*** Source data

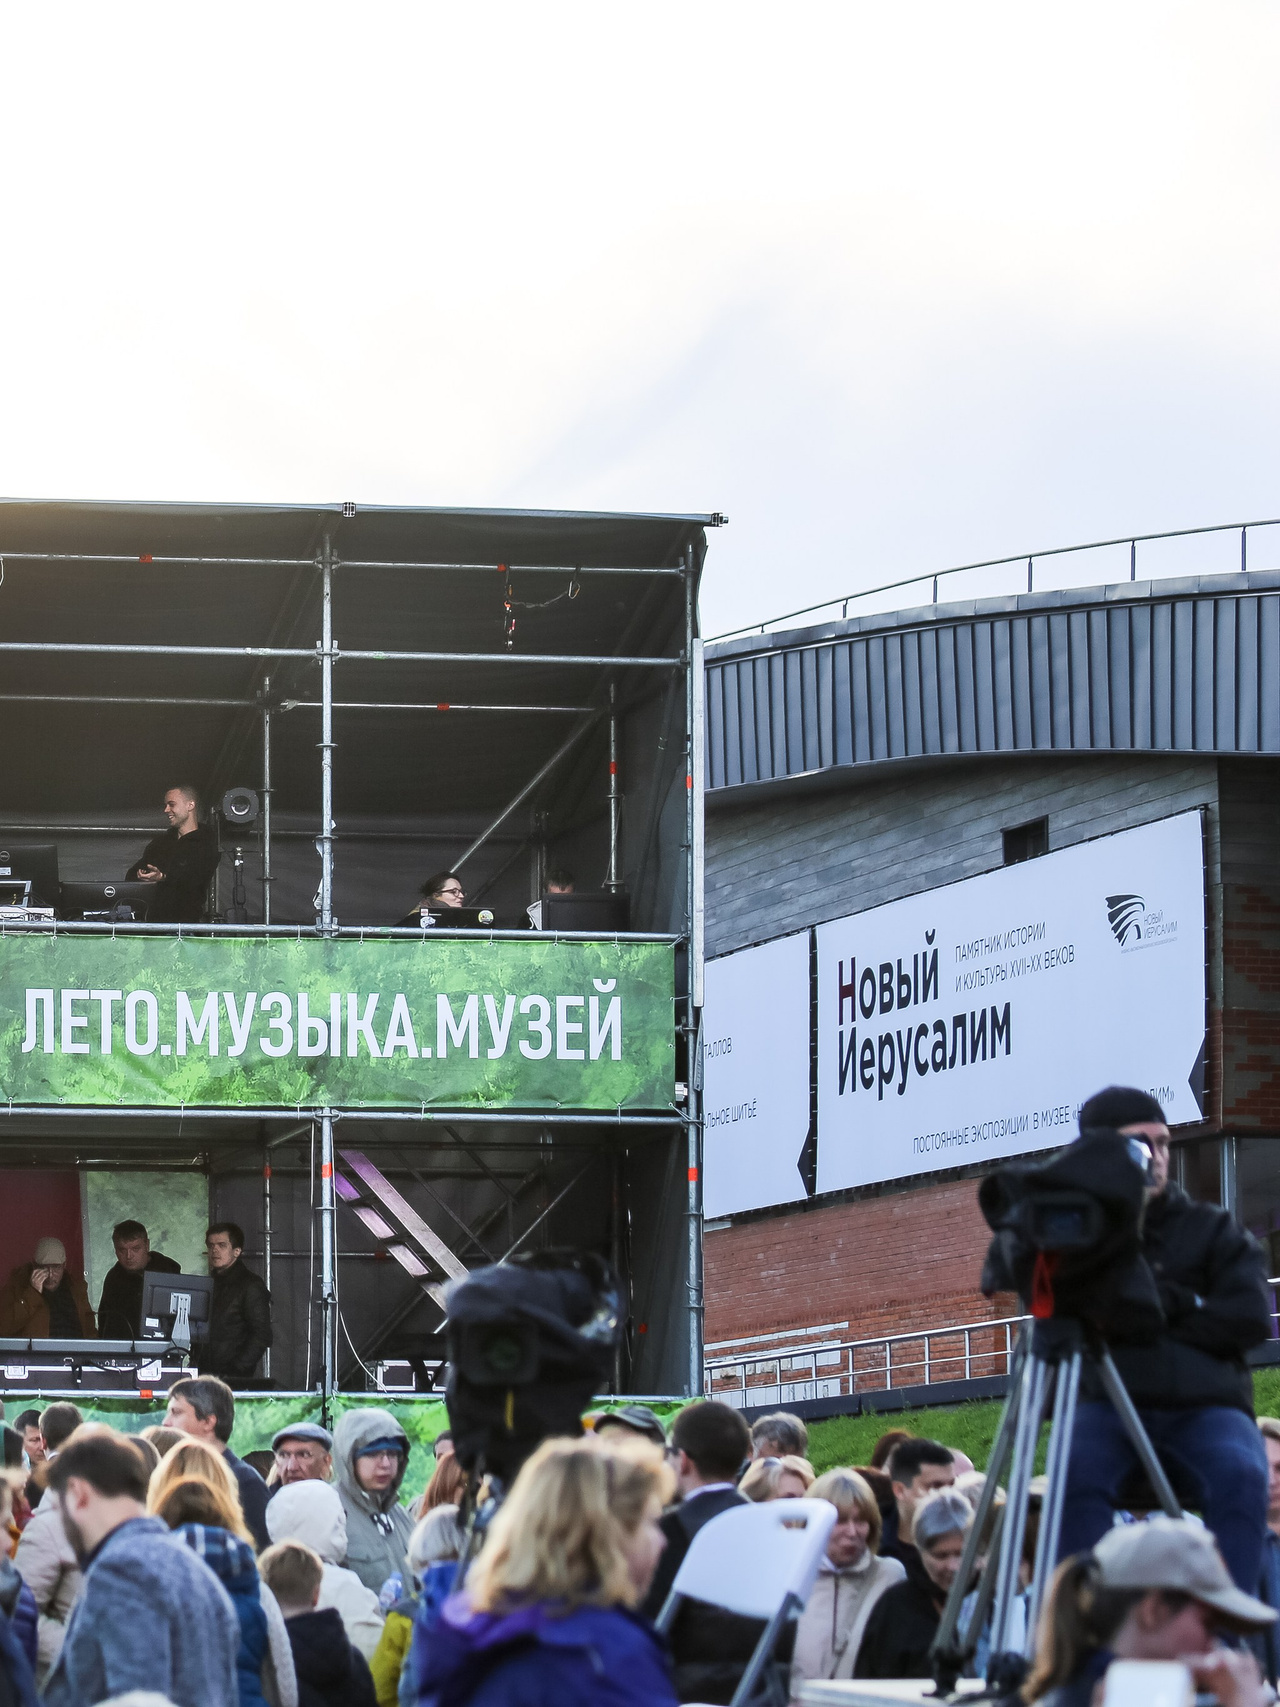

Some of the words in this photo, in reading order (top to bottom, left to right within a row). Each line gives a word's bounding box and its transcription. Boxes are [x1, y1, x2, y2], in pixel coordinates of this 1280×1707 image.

[954, 933, 1003, 963] ПАМЯТНИК
[1003, 921, 1047, 950] ИСТОРИИ
[838, 928, 939, 1026] Новый
[955, 975, 962, 993] И
[963, 962, 1008, 991] КУЛЬТУРЫ
[1044, 944, 1075, 970] ВЕКОВ
[21, 977, 622, 1060] ЛЕТО.МУЗЫКА.МУЗЕЙ
[838, 1001, 1012, 1102] Иерусалим
[703, 1107, 730, 1129] ЛЬНОЕ
[913, 1126, 969, 1154] ПОСТОЯННЫЕ
[971, 1114, 1029, 1143] ЭКСПОЗИЦИИ
[1033, 1112, 1040, 1130] В
[1041, 1105, 1070, 1129] МУЗЕЕ
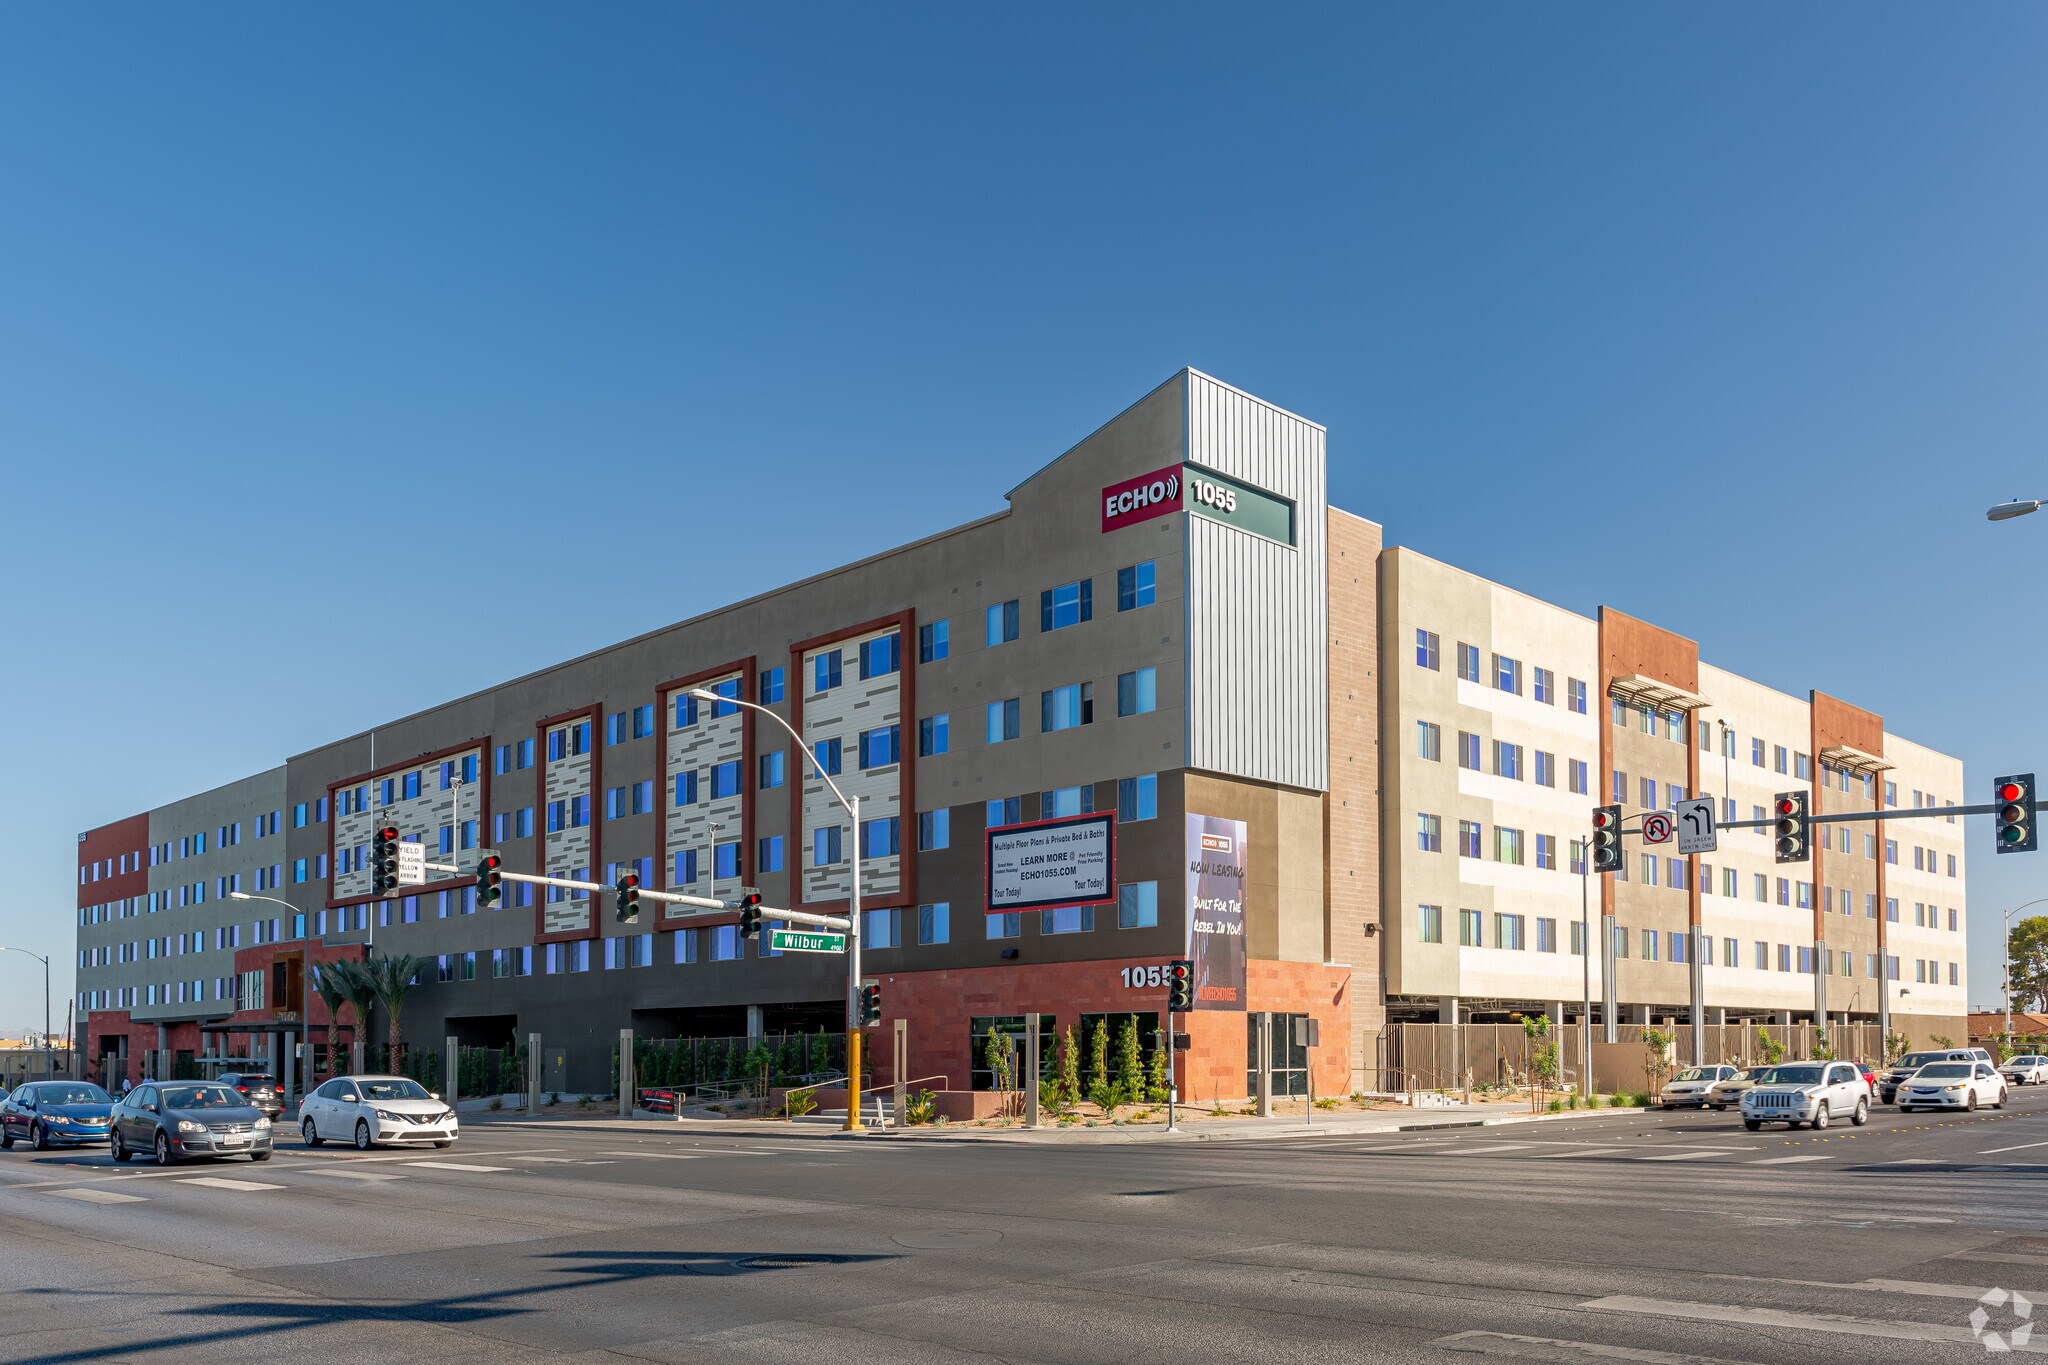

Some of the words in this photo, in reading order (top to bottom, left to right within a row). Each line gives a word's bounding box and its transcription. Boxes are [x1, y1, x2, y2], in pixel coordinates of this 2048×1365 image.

[1106, 481, 1166, 518] ECHO
[1193, 479, 1237, 512] 1055
[994, 840, 1015, 851] Multiple
[1016, 839, 1029, 849] Floor
[1030, 837, 1044, 847] Plans
[1045, 836, 1050, 844] &
[1051, 834, 1071, 844] Private
[1071, 832, 1082, 841] Bed
[1084, 831, 1088, 839] &
[1089, 829, 1105, 839] Baths
[1020, 855, 1044, 866] LEARN
[1046, 852, 1068, 862] MORE
[1069, 851, 1075, 861] @
[1020, 866, 1077, 880] ECHO1055.COM
[1190, 861, 1209, 875] NOW
[1212, 863, 1244, 879] LEASING
[1074, 880, 1086, 890] Tour
[1087, 877, 1105, 889] Today!
[994, 889, 1005, 898] Tour
[1006, 887, 1021, 898] Today!
[784, 934, 823, 949] Wilbur
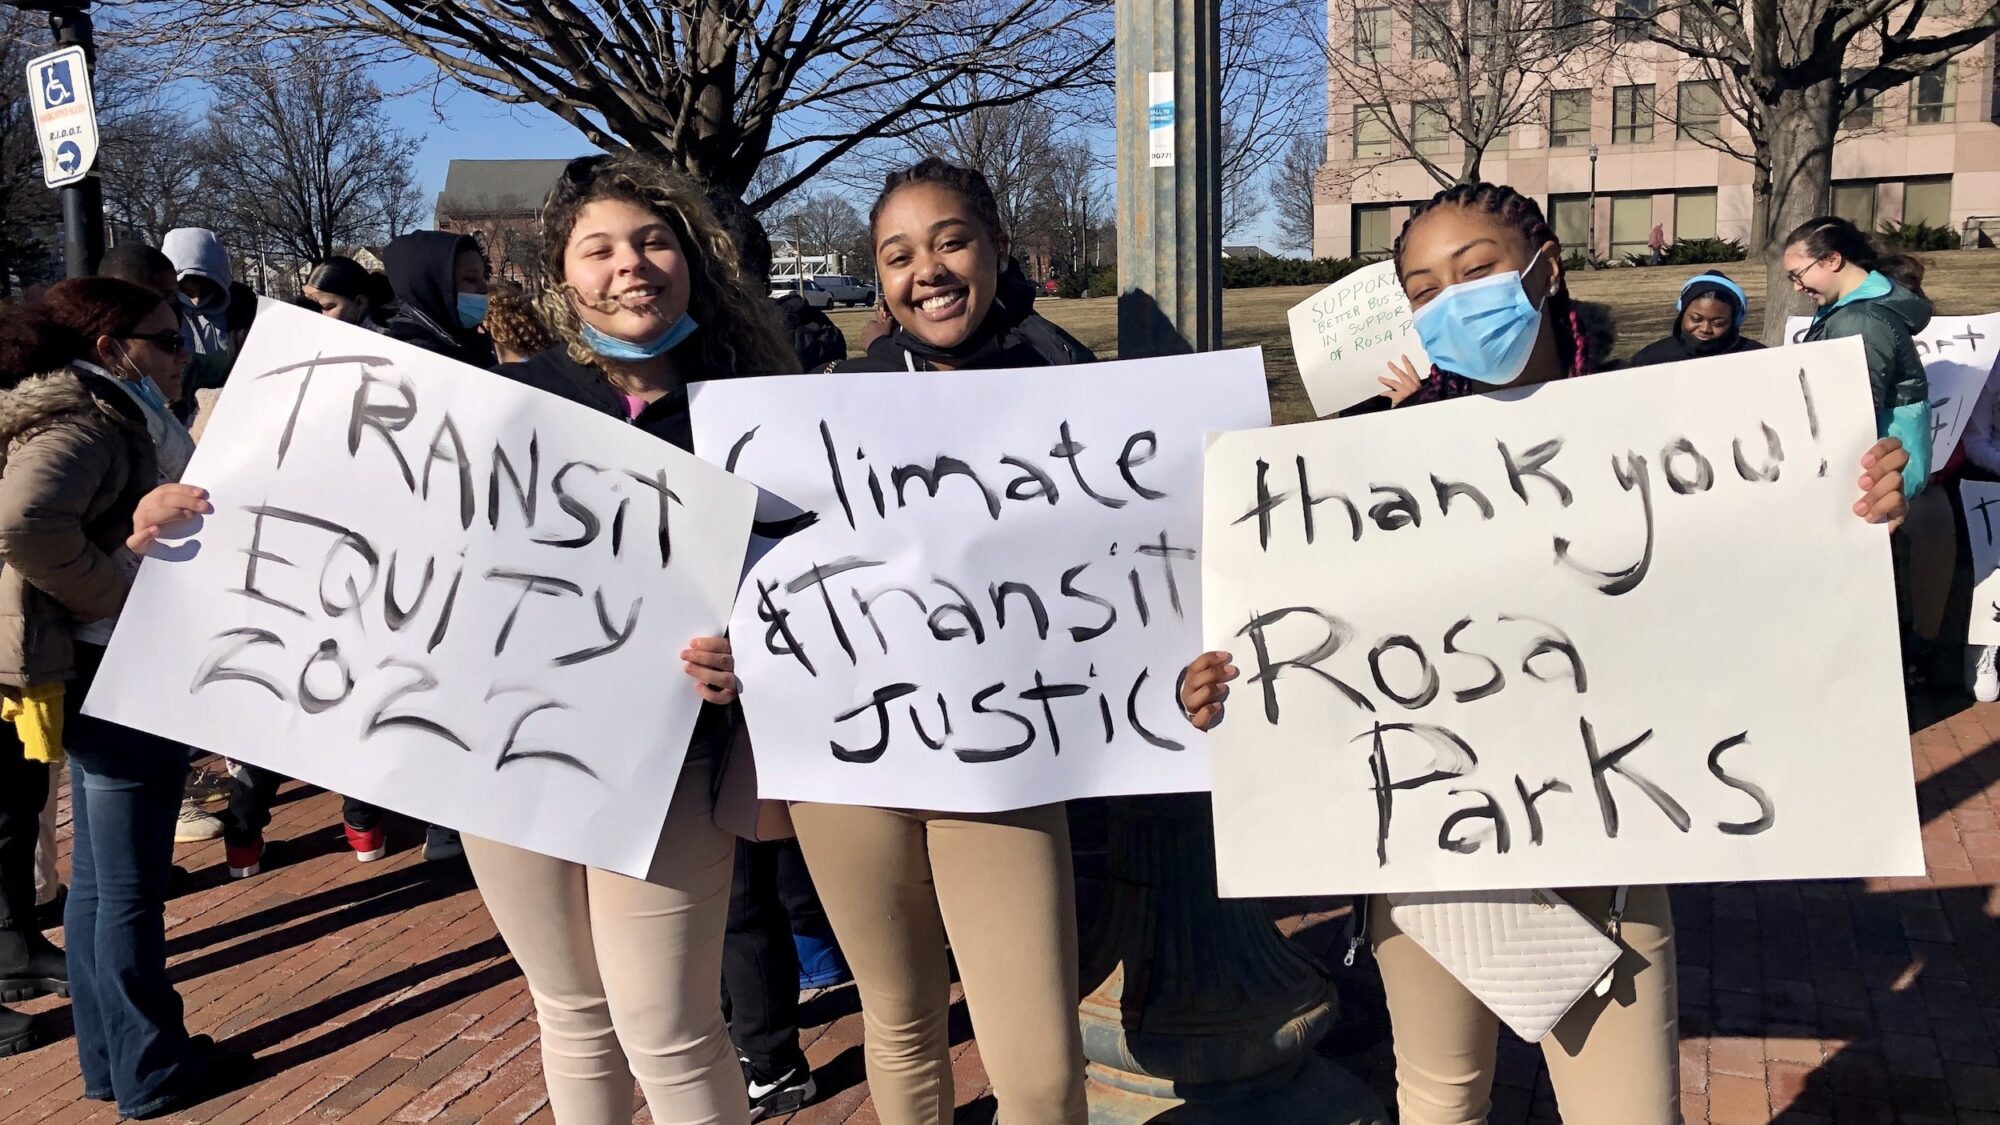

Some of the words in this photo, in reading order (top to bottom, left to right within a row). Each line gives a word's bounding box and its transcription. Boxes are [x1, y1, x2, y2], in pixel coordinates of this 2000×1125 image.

[49, 126, 82, 141] R.I.D.O.T.
[1312, 271, 1397, 323] SUPPORT
[1317, 305, 1361, 334] BETTER
[1367, 294, 1390, 311] BUS
[1322, 332, 1338, 348] IN
[1348, 304, 1412, 336] SUPPOR
[1329, 346, 1344, 362] OF
[1353, 329, 1393, 352] ROSA
[1552, 367, 1829, 596] you!
[1234, 605, 1588, 725] Rosa
[190, 625, 602, 779] 2022

******

**What to produce**
Set down, exactly and only, the lines running from the one holding "this 2000×1125 image." through the end of the records above, both ends included.

**Task answer**
Some of the words in this photo, in reading order (top to bottom, left to right within a row). Each line gives a word's bounding box and its transcription. Boxes are [x1, y1, x2, y2], in pixel coordinates of this 2000×1125 image.

[49, 126, 82, 141] R.I.D.O.T.
[1312, 271, 1397, 323] SUPPORT
[1317, 305, 1361, 334] BETTER
[1367, 294, 1390, 311] BUS
[1322, 332, 1338, 348] IN
[1348, 304, 1412, 336] SUPPOR
[1329, 346, 1344, 362] OF
[1353, 329, 1393, 352] ROSA
[1552, 367, 1829, 596] you!
[1234, 605, 1588, 725] Rosa
[190, 625, 602, 779] 2022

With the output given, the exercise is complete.